Yardies are criminals who come originally from Jamaica, and who have spawned many imitators amongst black British youth.

Omar Anderson, crime correspondent on the Jamaican daily paper, the Gleaner, told BBC Radio 4's Today programme that many of those involved in a surge in gang-related murders in Jamaica were coming to Britain.

"If a man kills 10 people in Jamaica and he has a passport and money he can do the same."

The Metropolitan police have set up a special operation to try to tackle the shootings. They are planning a London-wide conference to get the support of community leaders.

Andy Hayman, head of Scotland Yard's drugs directorate, told the BBC: "We are working closely with the community and with them we can work together to tackle this despicable spate of crimes."

Commander Andy Hayman: "Despicable spate of crimes"
Mr Westwood is seen as a potential Yardie target because of his role as a pivotal figure in rap music in this country.

His highly influential Radio 1 show is one of the very few national showcases for the music, which has become enormously popular with black youngsters in the UK.

Feuds within the American rap world - particularly between bands and record labels based in the East and West coasts of the country - are thought to be at the core of attacks which claimed the lives of rap stars such as Tupac Shakur and Biggie Smalls, also known as The Notorious BIG.

Gunned down

There are now fears that a dispute between Yardies in various parts of London over the control of lucrative drug markets could be the reason for the spate of shootings.

Gang warfare erupted on 6 March, when 36-year-old Jamaican-born Mervyn Sills was gunned down on a busy street in Brixton.

[ image: Laverne Forbes: Killed in front of daughter]
Laverne Forbes: Killed in front of daughter
In May Adrian Roberts was murdered at a bail hostel in Harlesden, and a few days later Laverne Forbes and Patrick Smith were killed in front of their seven-year-old daughter in Tottenham.
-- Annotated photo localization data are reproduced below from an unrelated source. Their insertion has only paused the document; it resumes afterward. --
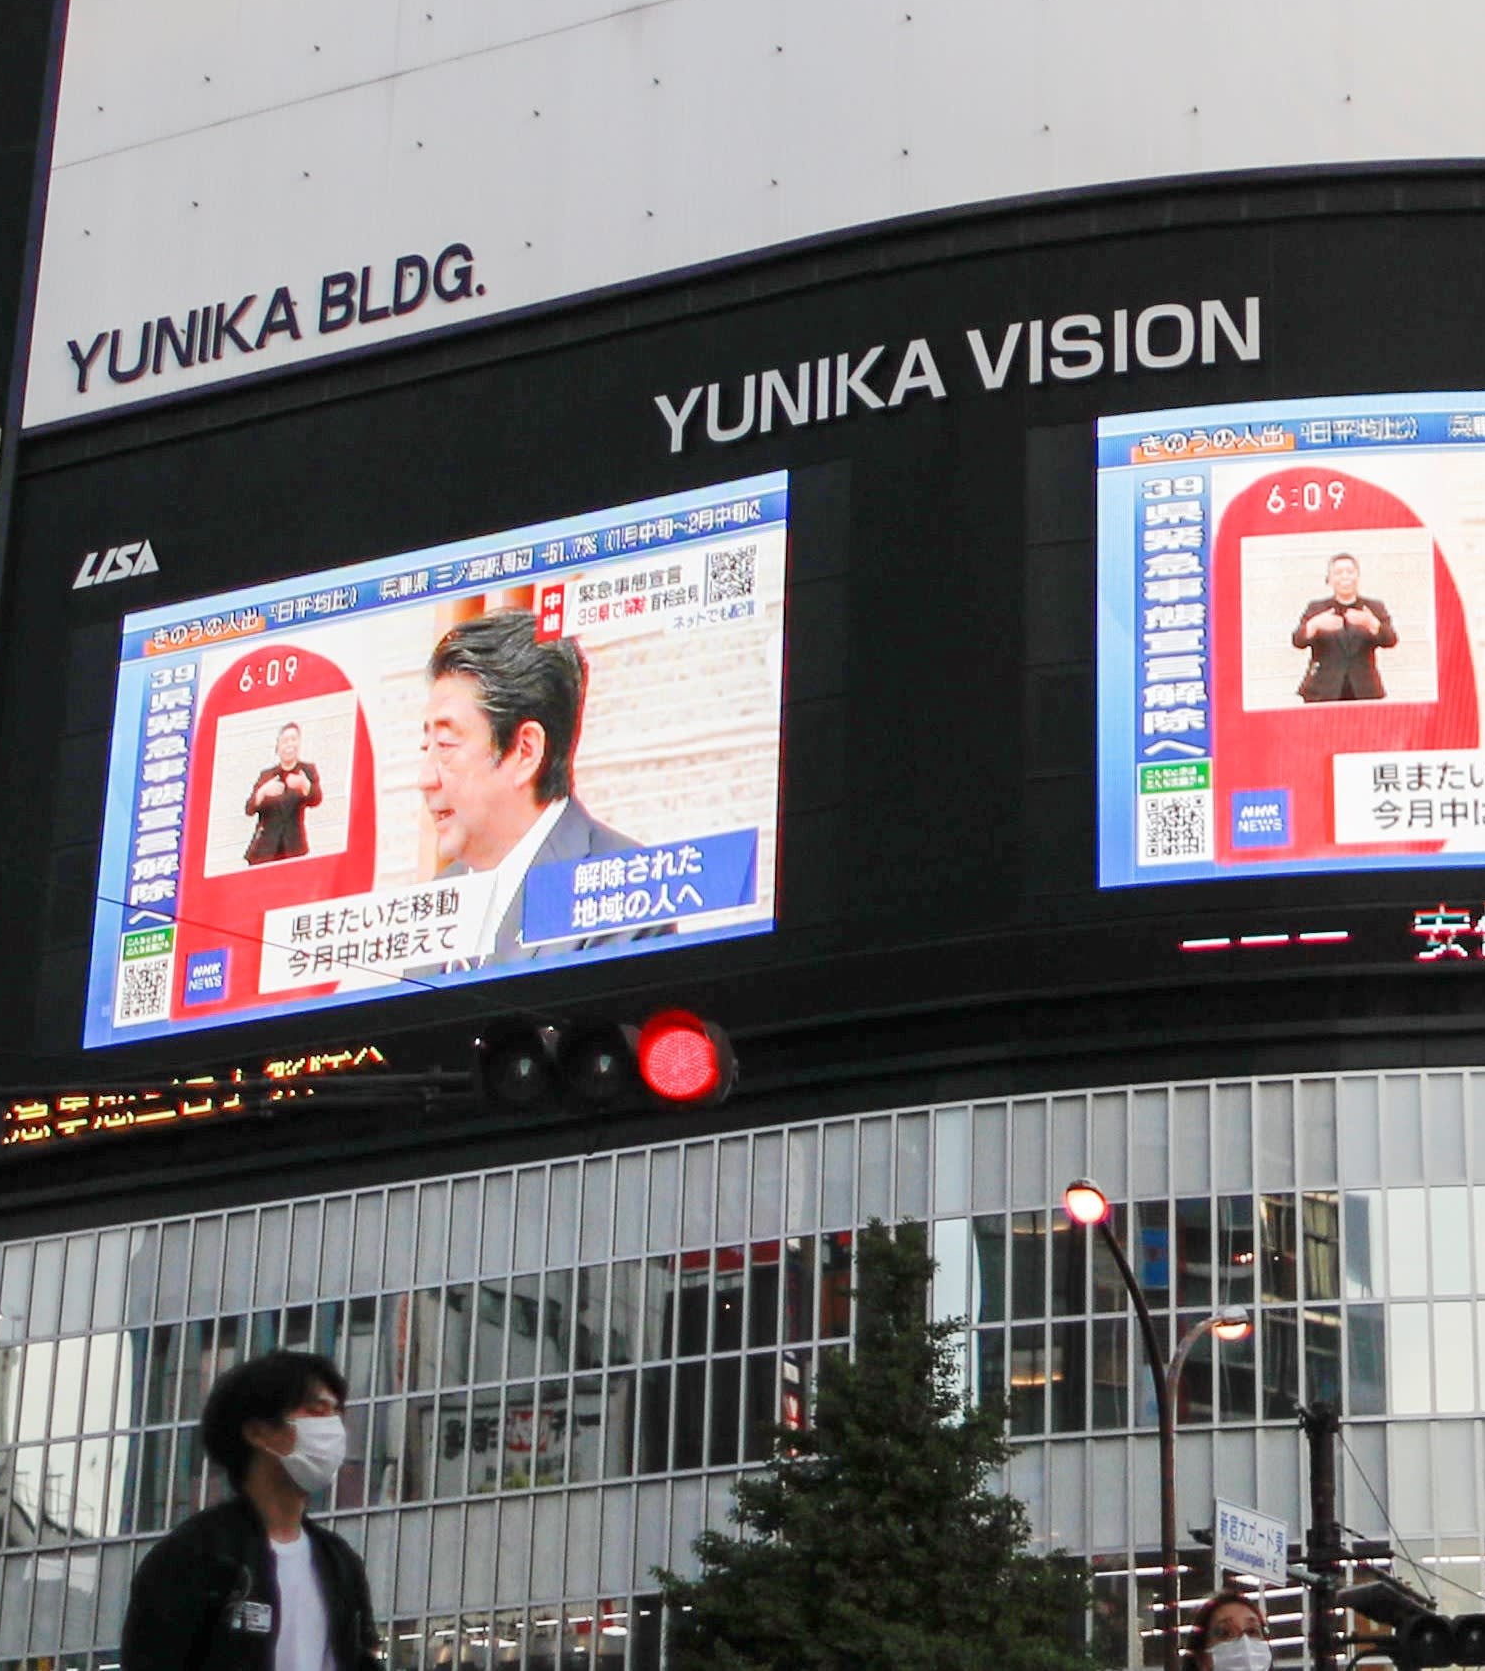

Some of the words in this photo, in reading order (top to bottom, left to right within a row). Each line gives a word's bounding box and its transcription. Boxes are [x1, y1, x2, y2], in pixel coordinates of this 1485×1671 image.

[65, 293, 302, 395] YUNIKA
[316, 241, 488, 333] BLDG.
[655, 339, 947, 454] YUNIKA
[966, 296, 1264, 393] VISION
[1140, 423, 1285, 458] きのうの人出
[1266, 480, 1346, 515] 6:09
[578, 565, 683, 603] 緊急事態宣言
[152, 607, 260, 650] きのうの人出
[238, 655, 299, 694] 6:09
[1237, 817, 1283, 834] NEWS
[573, 844, 704, 895] 解除された
[290, 886, 460, 944] 県またいだ移動
[571, 884, 705, 929] 地域の人へ
[288, 924, 459, 978] 今月中は控えて
[187, 974, 223, 991] NEWS
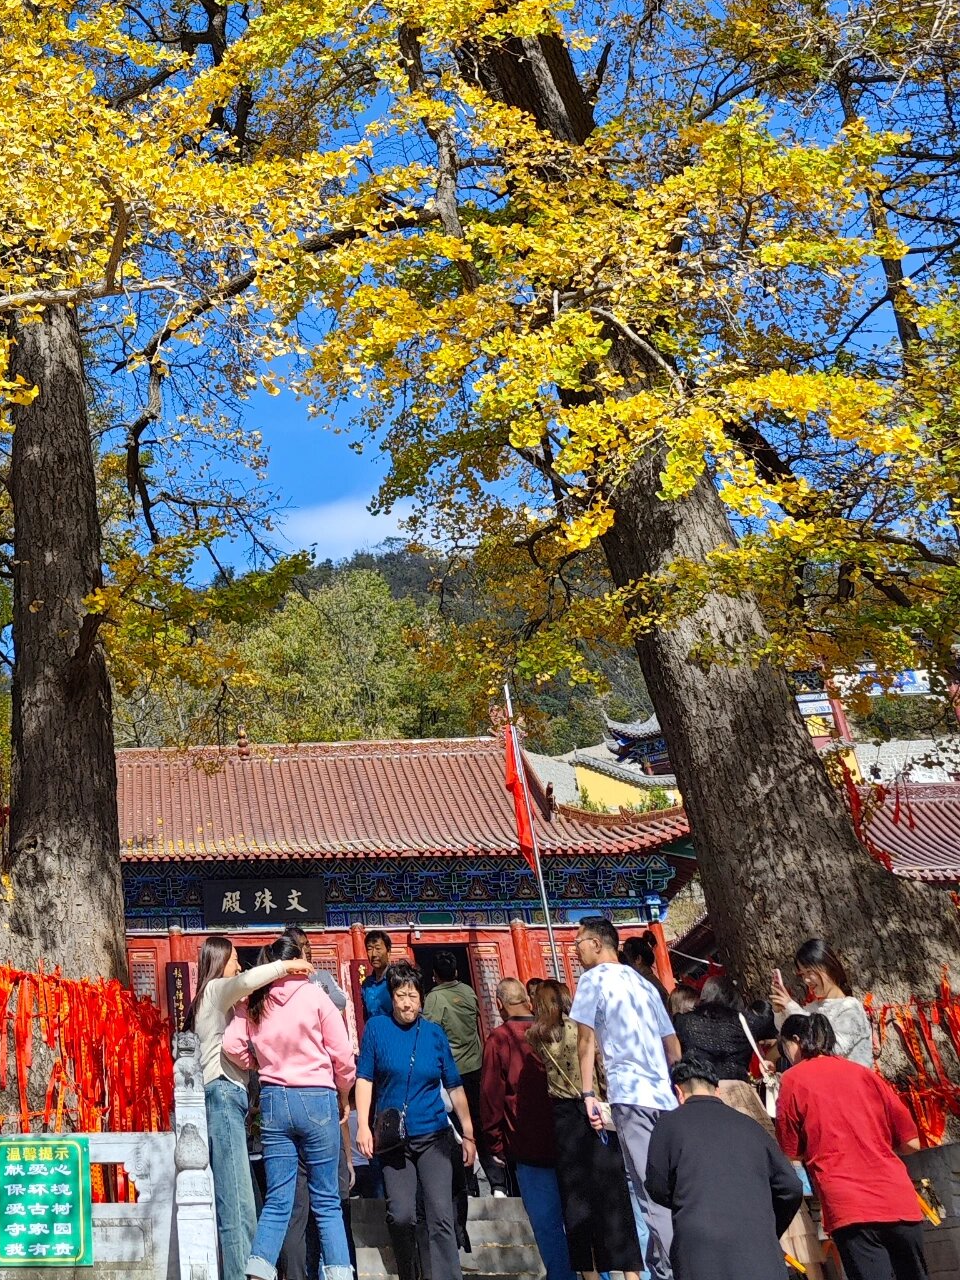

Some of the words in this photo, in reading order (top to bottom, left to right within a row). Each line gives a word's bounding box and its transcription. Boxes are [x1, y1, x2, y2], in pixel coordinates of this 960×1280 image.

[6, 1146, 70, 1161] 温馨提示
[3, 1163, 72, 1176] 献爱心
[3, 1183, 73, 1196] 保环境
[4, 1202, 73, 1216] 爱古树
[4, 1222, 72, 1236] 守家园
[3, 1243, 75, 1256] 我有责
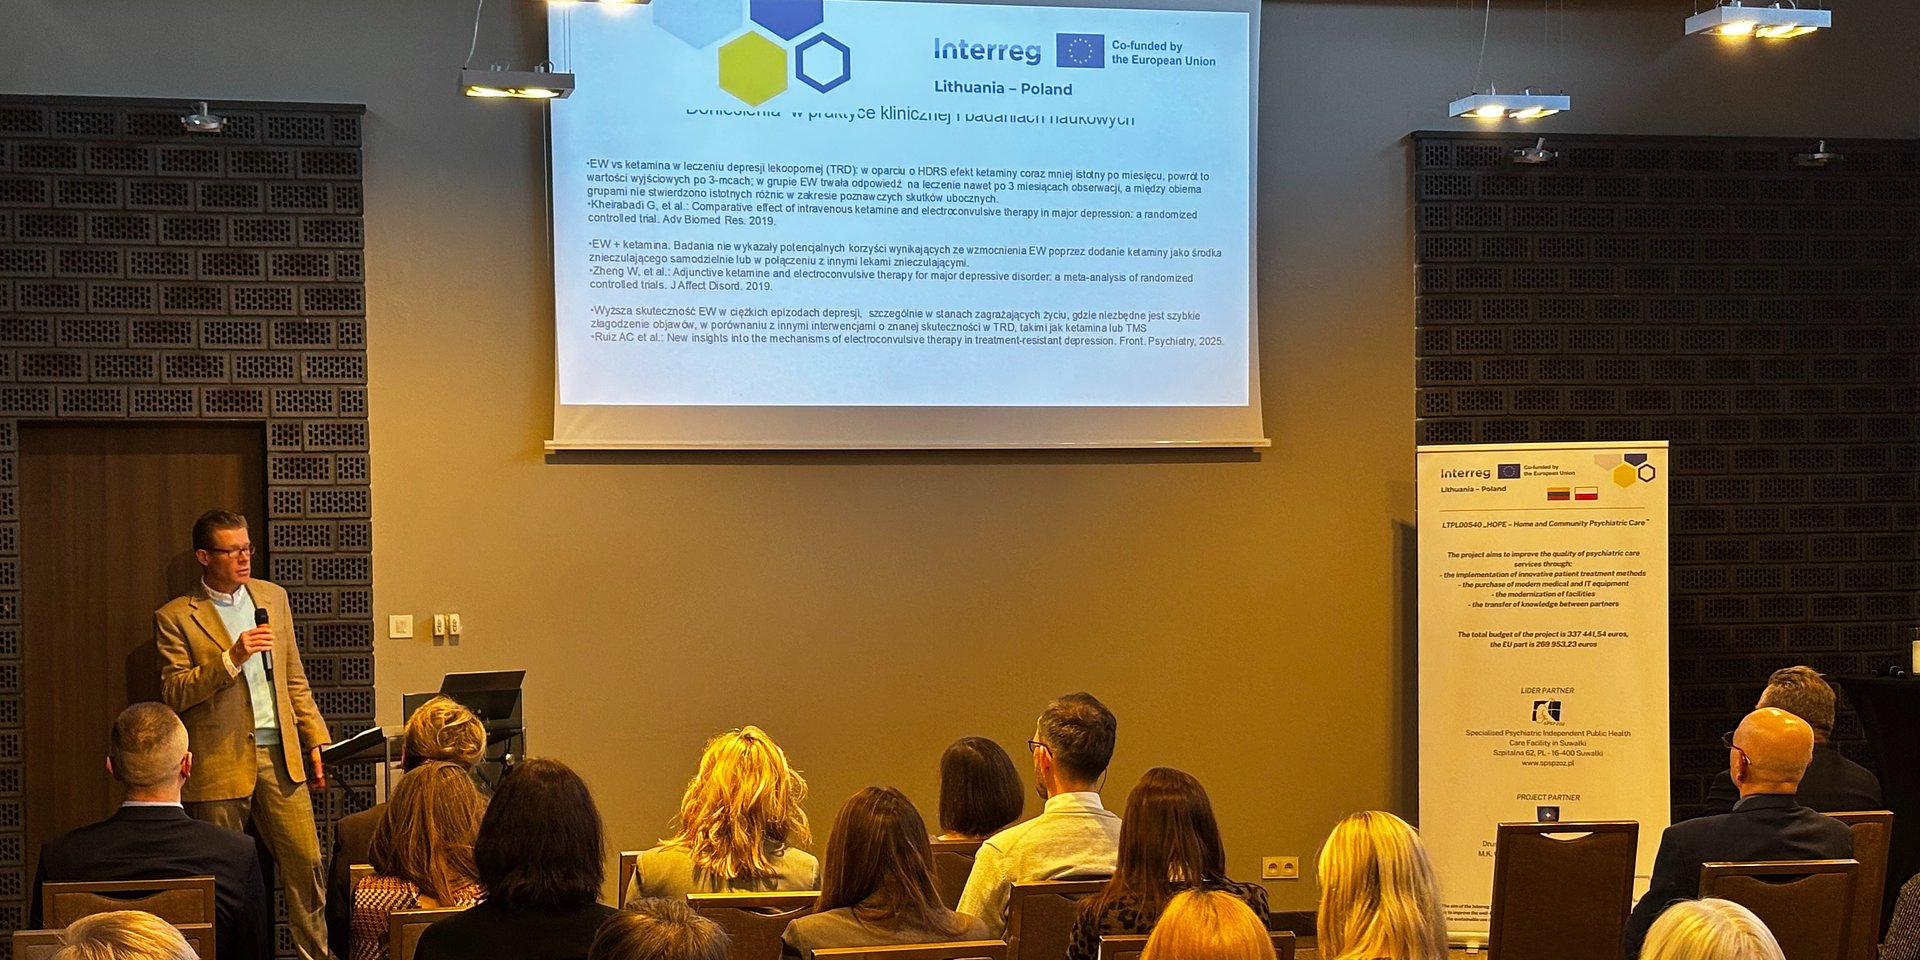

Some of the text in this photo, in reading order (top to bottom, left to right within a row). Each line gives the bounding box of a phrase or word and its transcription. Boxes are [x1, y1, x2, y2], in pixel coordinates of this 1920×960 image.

[934, 37, 1041, 66] Interreg
[1112, 40, 1182, 53] Co-funded by
[1112, 54, 1216, 67] the European Union
[935, 80, 1005, 94] Lithuania
[1021, 82, 1072, 96] Poland
[591, 200, 644, 210] Kheirabadi
[661, 202, 671, 210] et
[691, 202, 753, 214] Comparative
[756, 203, 783, 212] effect
[785, 203, 795, 212] of
[797, 203, 852, 213] intravenous
[854, 204, 898, 214] ketamine
[901, 205, 918, 215] and
[921, 206, 1001, 216] electroconvulsive
[1003, 207, 1038, 219] therapy
[1040, 207, 1049, 216] in
[1051, 208, 1078, 219] major
[1144, 209, 1197, 218] randomized
[588, 213, 636, 223] controlled
[662, 214, 682, 223] Adv
[684, 214, 720, 224] Biomed
[669, 254, 734, 263] samodzielnie
[736, 254, 751, 264] lub
[826, 256, 857, 267] innymi
[859, 256, 891, 265] lekami
[593, 266, 624, 277] Zheng
[643, 267, 653, 276] et
[672, 267, 723, 279] Adjunctive
[725, 268, 770, 277] ketamine
[772, 268, 790, 278] and
[793, 269, 875, 279] electroconvulsive
[877, 270, 913, 281] therapy
[915, 271, 928, 280] for
[930, 271, 957, 282] major
[958, 271, 1009, 283] depressive
[1063, 272, 1126, 284] meta-analysis
[1128, 273, 1138, 282] of
[1140, 273, 1193, 282] randomized
[590, 279, 638, 288] controlled
[595, 332, 617, 341] Ruiz
[618, 332, 634, 341] AC
[637, 333, 647, 341] et
[666, 333, 688, 342] New
[691, 333, 728, 344] insights
[731, 333, 749, 342] into
[751, 333, 767, 342] the
[769, 333, 830, 342] mechanisms
[832, 334, 841, 343] of
[843, 334, 925, 343] electroconvulsive
[927, 334, 962, 346] therapy
[964, 335, 972, 343] in
[975, 335, 1062, 344] treatment-resistant
[1441, 468, 1490, 479] Interreg
[1548, 520, 1588, 528] Community
[1588, 519, 1627, 528] Psychiatric
[1460, 551, 1484, 559] project
[1511, 551, 1539, 559] improve
[1552, 550, 1576, 559] quality
[1585, 550, 1623, 558] psychiatric
[1488, 631, 1513, 639] budget
[1534, 631, 1559, 639] project
[1513, 641, 1527, 649] part
[1465, 729, 1504, 738] Specialised
[1504, 729, 1542, 738] Psychiatric
[1542, 730, 1584, 738] Independent
[1526, 739, 1551, 748] Facility
[1493, 749, 1524, 758] Szpitalna
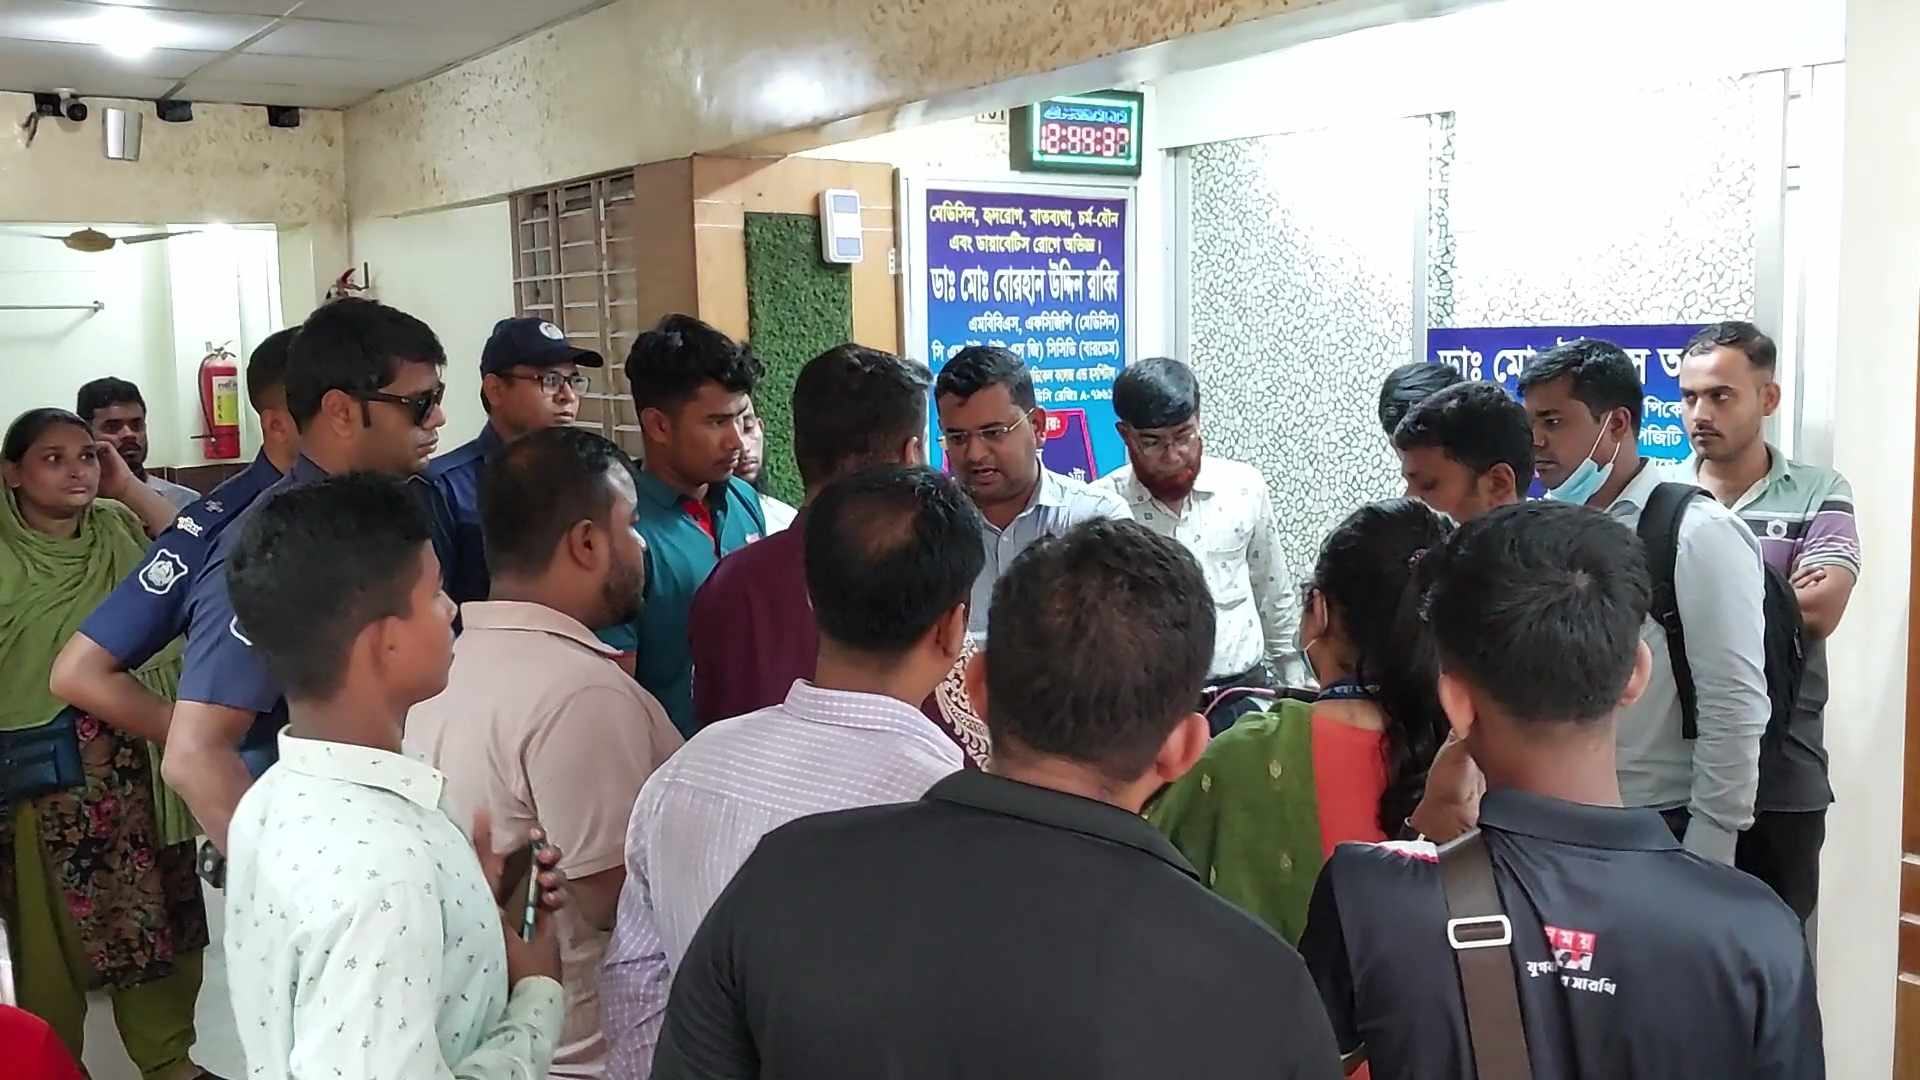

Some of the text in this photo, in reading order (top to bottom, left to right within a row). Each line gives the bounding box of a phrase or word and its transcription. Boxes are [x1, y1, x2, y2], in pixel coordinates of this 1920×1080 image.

[949, 234, 974, 253] এবং
[1033, 236, 1061, 254] রোগে
[929, 264, 956, 301] ডাঃ
[960, 264, 990, 303] মোঃ
[994, 265, 1046, 307] বোরহান
[1048, 257, 1085, 303] উদ্দিন
Other killings, such as the murder of Henry Lawes on 14 June in Harlesden, have been drive-by shootings, as was the attack on Westwood.

Mr Lawes, who was on foot, was hit by shots fired from a passing car containing five gangsters, but managed to run off down the street.

Two men jumped out of the car and gave chase. They caught Lawes when he tripped and fell, standing over him to pump bullets into his body.

Stop-and-search blamed

Earlier this month 20-year-old Dean Roberts died after being shot several times in an attack in Furness Road, Harlesden.

David Lidington: "We should be willing to look again at immigration controls"
Operation Trident, the police anti-Yardie initiative, has now compiled a list of more than 200 Jamaican-born criminals linked to gun crime in Britain.

Conservative home affairs spokesman David Lidington told BBC Radio 4's Today programme that a reduction in stop-and-searches by police had led to a rise in street crime.

He said: "We should be willing to look again at immigration controls and maybe impose visa requirements on visitors from Jamaica."